There is an alternative narrative - there is nothing inevitable about the anti-Muslim argument - there is another way to talk about what is happening in our cities, but it will require the BBC to find the tolerance, the courage and the will to find those ten Muslims that I referred to earlier.

And my question for Nick Griffin on the day?

How many colours in the rainbow?

Wednesday, October 14, 2009

Regenerating the Heart of Bradford

Visitors from outside of town when driving through Bradford may have noticed a huge hole in the centre of the city. This is because several buildings were knocked down a few years ago to make way for a new shopping centre which is to be built by Westfield - a leading construction company in this area. Bradford is basically looking to develop a mini-shopping centre like Meadowhall just outside Sheffield or Trafford Centre just outside Manchester, only smaller. There have been difficulties getting enough tenants for the centre and the recession managed to slow things down before they had got started. I would like to call for something completely different.

If we want to revive Bradford's city centre, then we have to ask why would anyone want to shop in Bradford when they can shop online, go to White Rose shopping centre in Leeds, or Leeds city centre itself (with Harvey Nichols etc.), or Meadowhall or Trafford Centre, or Manchester city centre which has come on leaps and bounds as well. Most people that I have spoken to have said that if they want to go shopping then they will visit one of these areas, not a lesser version in Bradford and I can't see how having a couple of the usual tenants (BHS, M and S) would attract a greater proportion of shopping public that is now more mobile and that has the ability to shop from home.

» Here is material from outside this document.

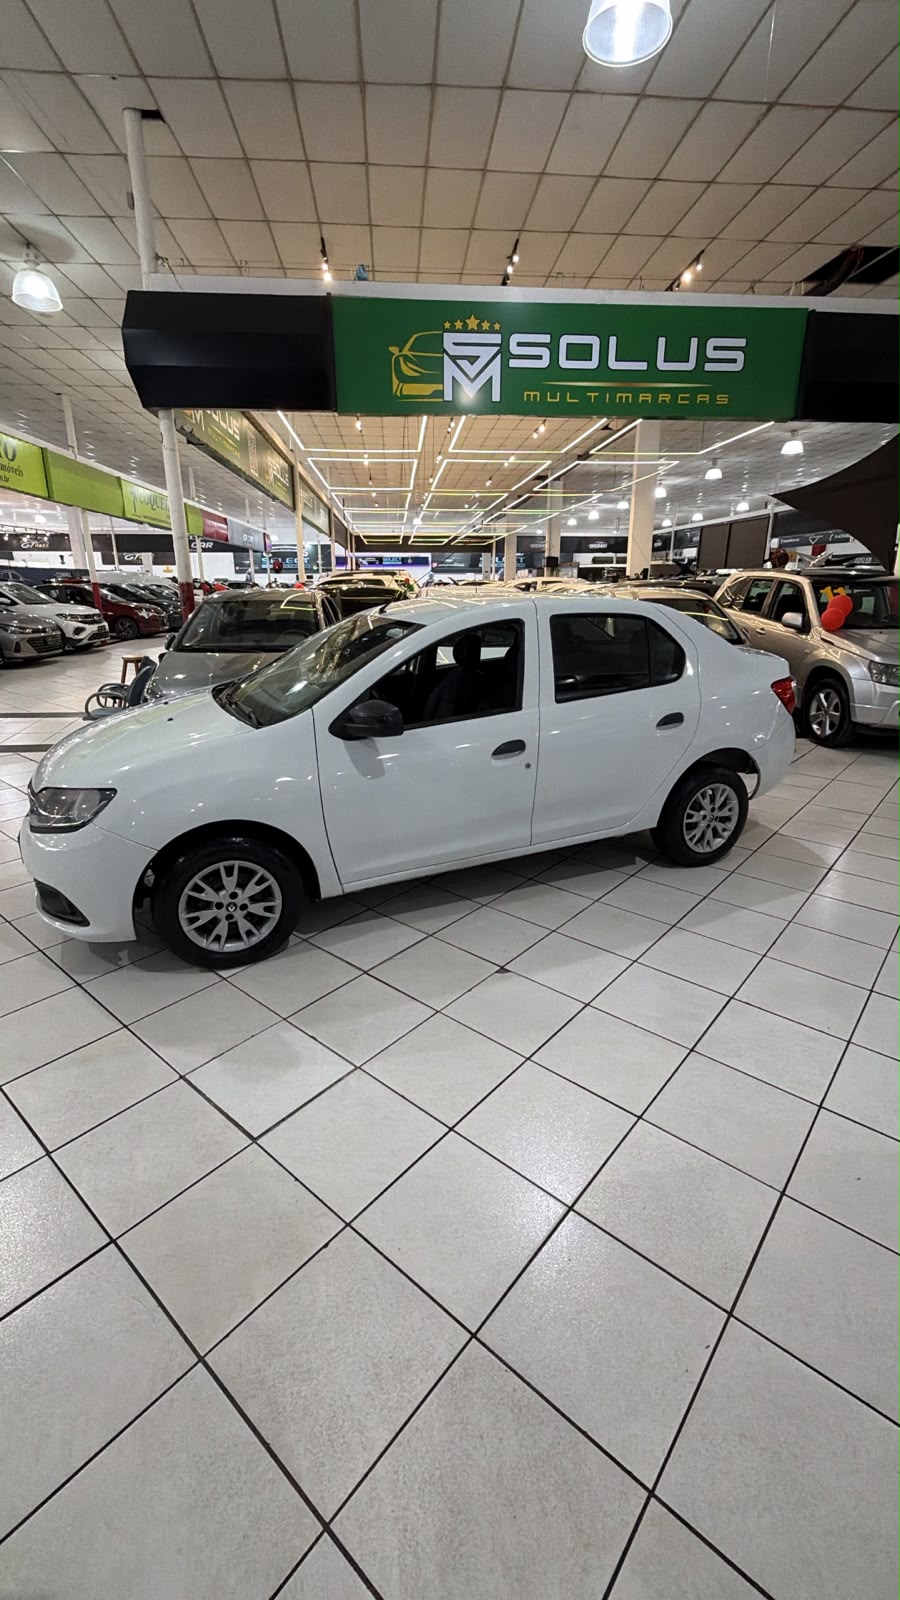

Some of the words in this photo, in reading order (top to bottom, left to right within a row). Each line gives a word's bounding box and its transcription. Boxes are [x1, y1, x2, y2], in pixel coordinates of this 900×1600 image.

[508, 333, 747, 372] SOLUS
[524, 391, 729, 405] MULTIMARCAS
[206, 410, 240, 441] OLUS

If we want Bradford city centre to work then we have to sell it as an experience, a multicultural experience - in fact, this is why many people from outside of Bradford come to Bradford - to 'have a curry'. Bradford on the street looks very different to what it did in the nineties. Great Horton road, Leeds road, White Abbey road... these roads are alive and one could argue that Bradford has become the eating out capital of the North overtaking Wilmslow road in Manchester of yesteryear. Clothing outlets like Atique Textiles and Bombay Stores have also developed and attract many visitors from outside.

This is where the regeneration chiefs need to make their presence felt - they need to bring these and individual parts of Bradford's economic life into one whole that is greater than the sum of its parts. The way to do this is to change the design of the city centre - as is already currently being planned but bring everything into one place: a park at the heart that is surrounded by the leading high street stores, the best Asian restaurants and fast food joints and the best Asian clothing outlets -who knows there may even be some intercultural fusion in this kind of set up so Bombay Stores could start selling goods that are Eastern and Western at the same time. That would be genuinely exciting. I know that the creative flair exists in Bradford to do this, it just needs some creative and decisive leadership from the regeneration wallahs so that they can begin to see a vision in which a family may decide to spend a Saturday afternoon in Bradford where they can pop in to Next and BHS but also stroll through a park to Mumtaz's for lunch before buying some ethnic Westernwear from Bombay Stores on their way home. This could make Bradford stand out from the crowd and draw in numerous customers from outside of the city.